Start of RECORDS PROVIDED
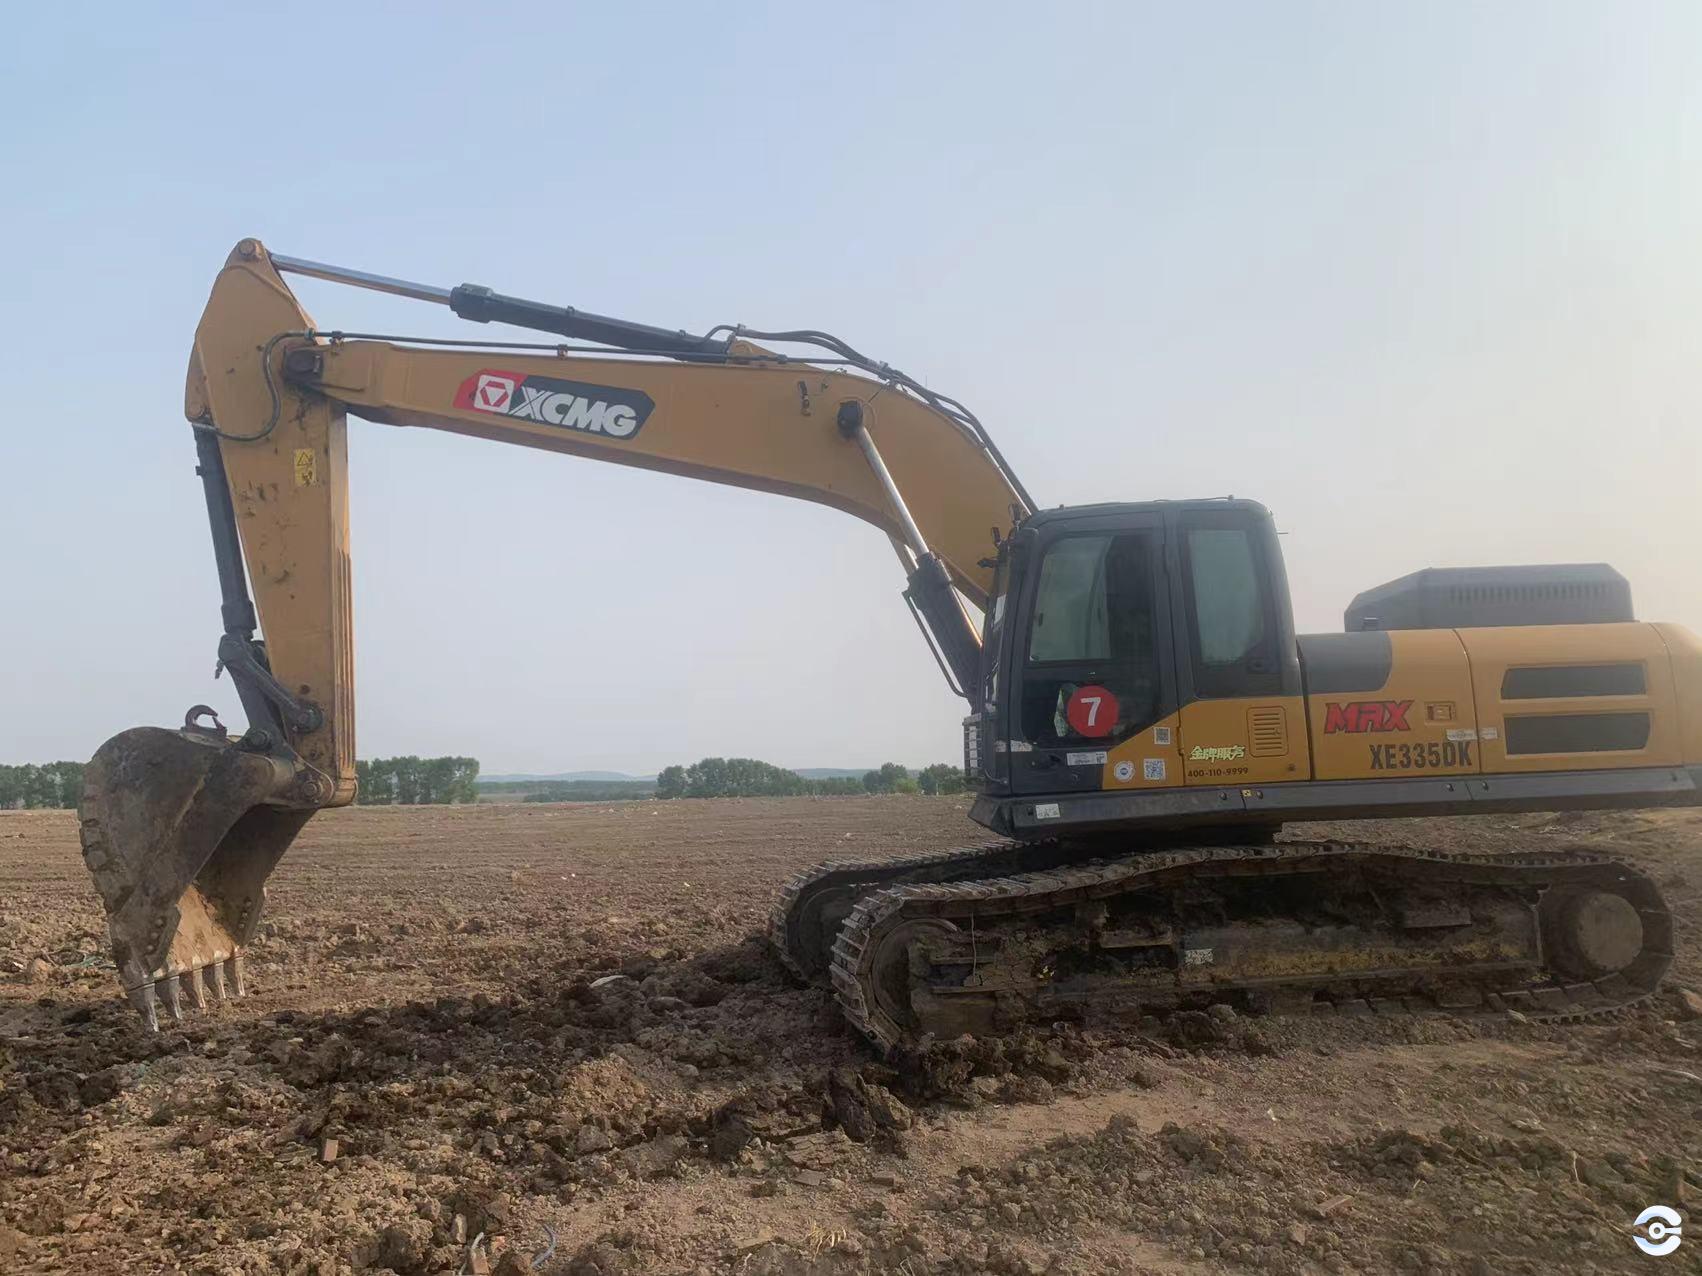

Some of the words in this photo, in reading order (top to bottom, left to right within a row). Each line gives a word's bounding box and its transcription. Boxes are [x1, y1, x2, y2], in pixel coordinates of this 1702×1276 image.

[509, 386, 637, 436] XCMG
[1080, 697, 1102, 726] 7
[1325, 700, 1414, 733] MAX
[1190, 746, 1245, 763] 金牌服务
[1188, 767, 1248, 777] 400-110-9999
End of RECORDS PROVIDED
» PROBLEM DETAILS
The records above should be copied word for word, with the pictures left out.

» REPLY TO THE TASK
Some of the words in this photo, in reading order (top to bottom, left to right within a row). Each line gives a word's bounding box and its transcription. Boxes are [x1, y1, x2, y2], in pixel coordinates of this 1702×1276 image.

[509, 386, 637, 436] XCMG
[1080, 697, 1102, 726] 7
[1325, 700, 1414, 733] MAX
[1190, 746, 1245, 763] 金牌服务
[1188, 767, 1248, 777] 400-110-9999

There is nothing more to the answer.